## WHAT IS REQUIRED:
Return the records exactly as they appear below, omitting the pictures.

:: RECORDS SHOWN

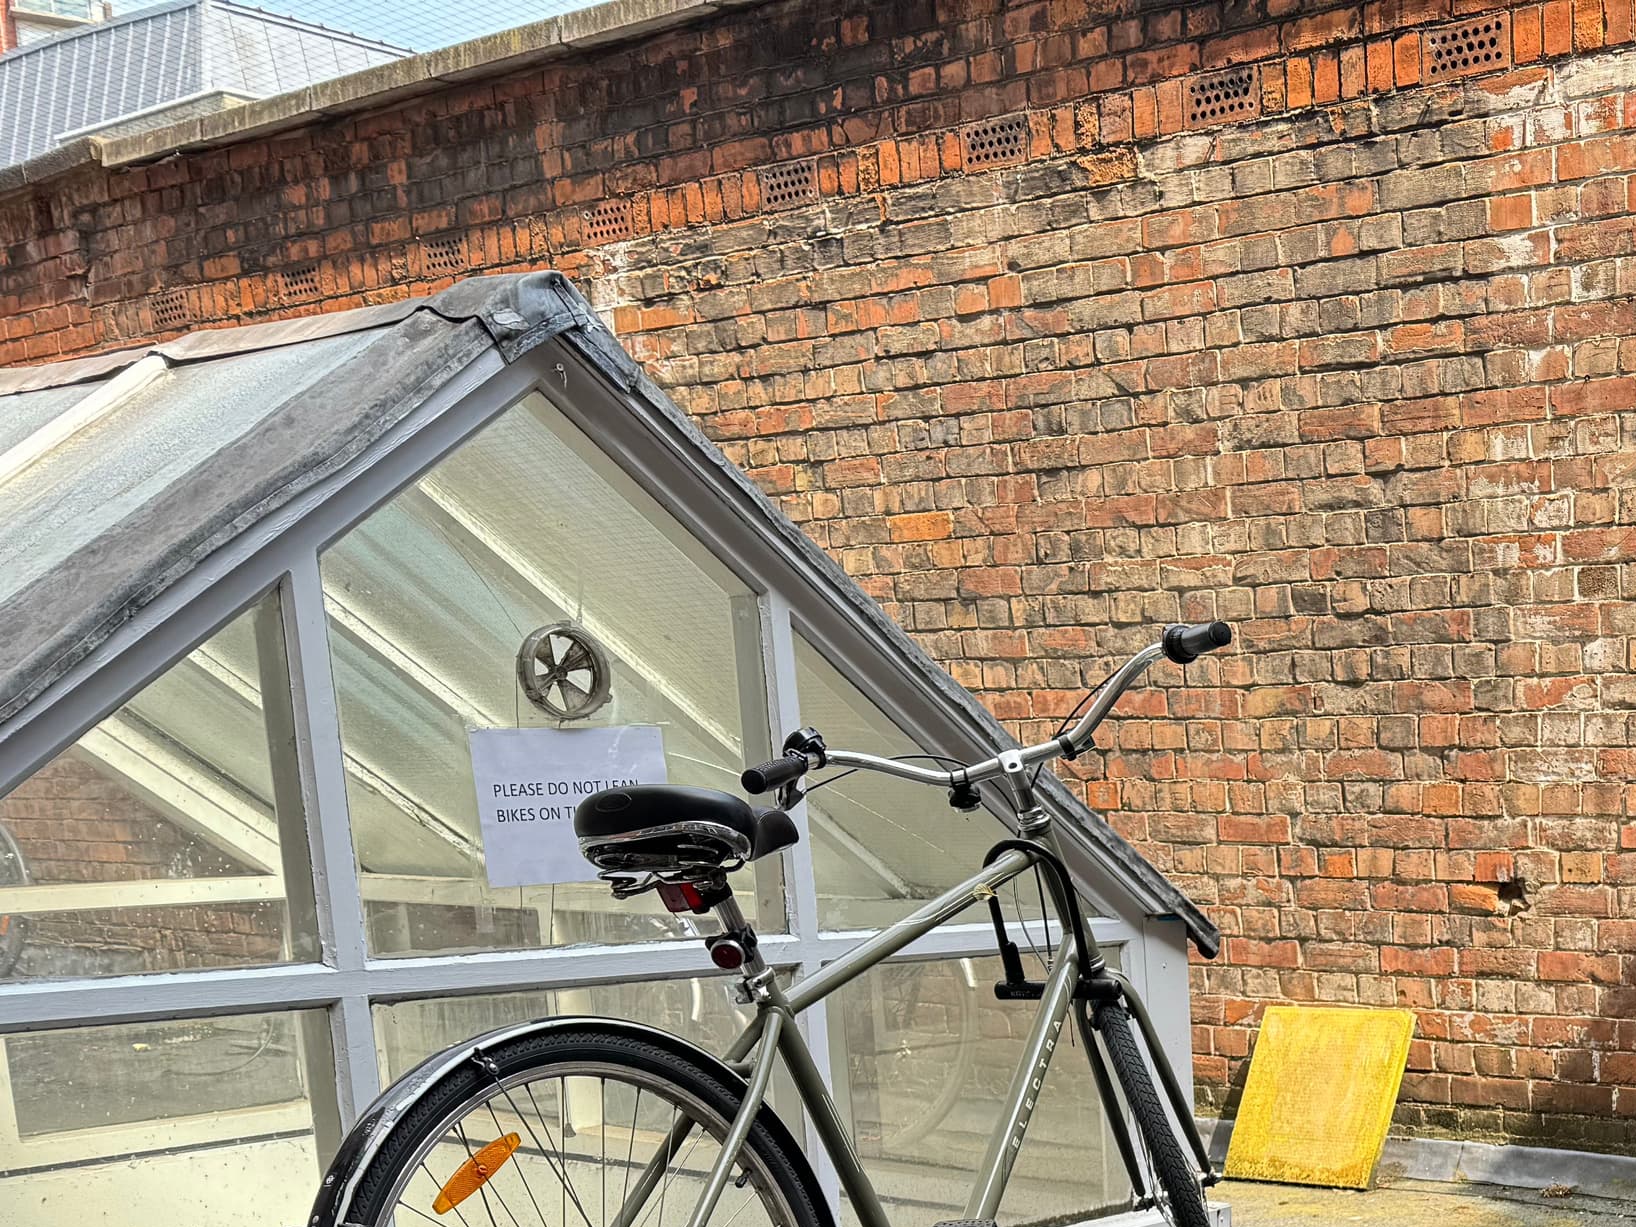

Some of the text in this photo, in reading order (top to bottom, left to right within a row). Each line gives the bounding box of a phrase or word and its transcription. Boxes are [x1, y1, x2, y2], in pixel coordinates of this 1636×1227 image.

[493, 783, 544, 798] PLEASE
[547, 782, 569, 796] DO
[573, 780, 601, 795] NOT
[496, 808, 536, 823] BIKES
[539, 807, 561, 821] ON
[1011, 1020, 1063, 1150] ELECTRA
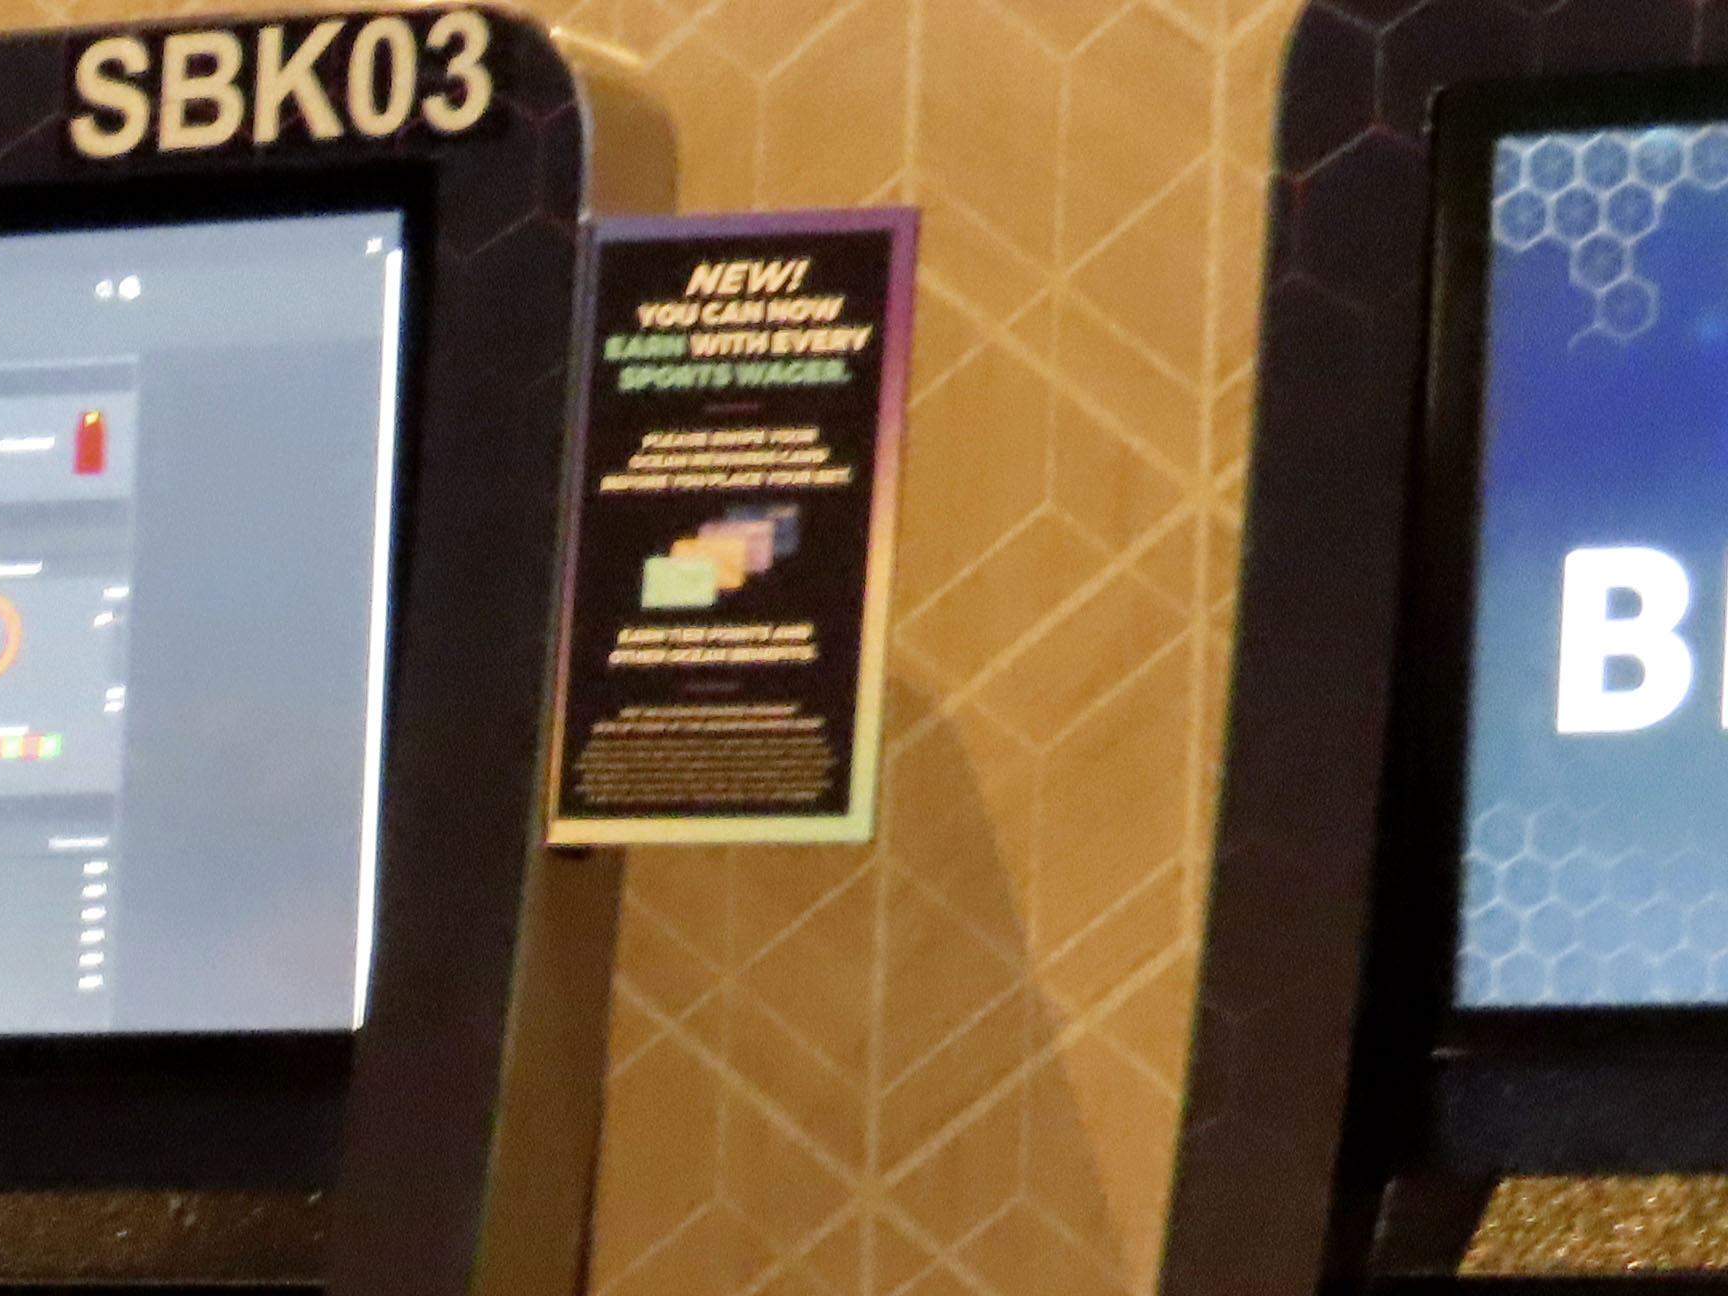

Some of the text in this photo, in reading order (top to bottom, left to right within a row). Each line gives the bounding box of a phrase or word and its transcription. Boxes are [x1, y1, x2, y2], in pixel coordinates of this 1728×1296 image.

::::

## ANSWER TO THIS PROBLEM:
Some of the text in this photo, in reading order (top to bottom, left to right within a row). Each line gives the bounding box of a phrase or word and its transcription. Boxes are [x1, y1, x2, y2], in pixel coordinates of this 1636×1227 image.

[493, 783, 544, 798] PLEASE
[547, 782, 569, 796] DO
[573, 780, 601, 795] NOT
[496, 808, 536, 823] BIKES
[539, 807, 561, 821] ON
[1011, 1020, 1063, 1150] ELECTRA

Some of the text in this photo, in reading order (top to bottom, left to right within a row). Each line gives the bounding box of a phrase or word and its transcription. Boxes are [x1, y1, x2, y2], in pixel coordinates of this 1728×1296 image.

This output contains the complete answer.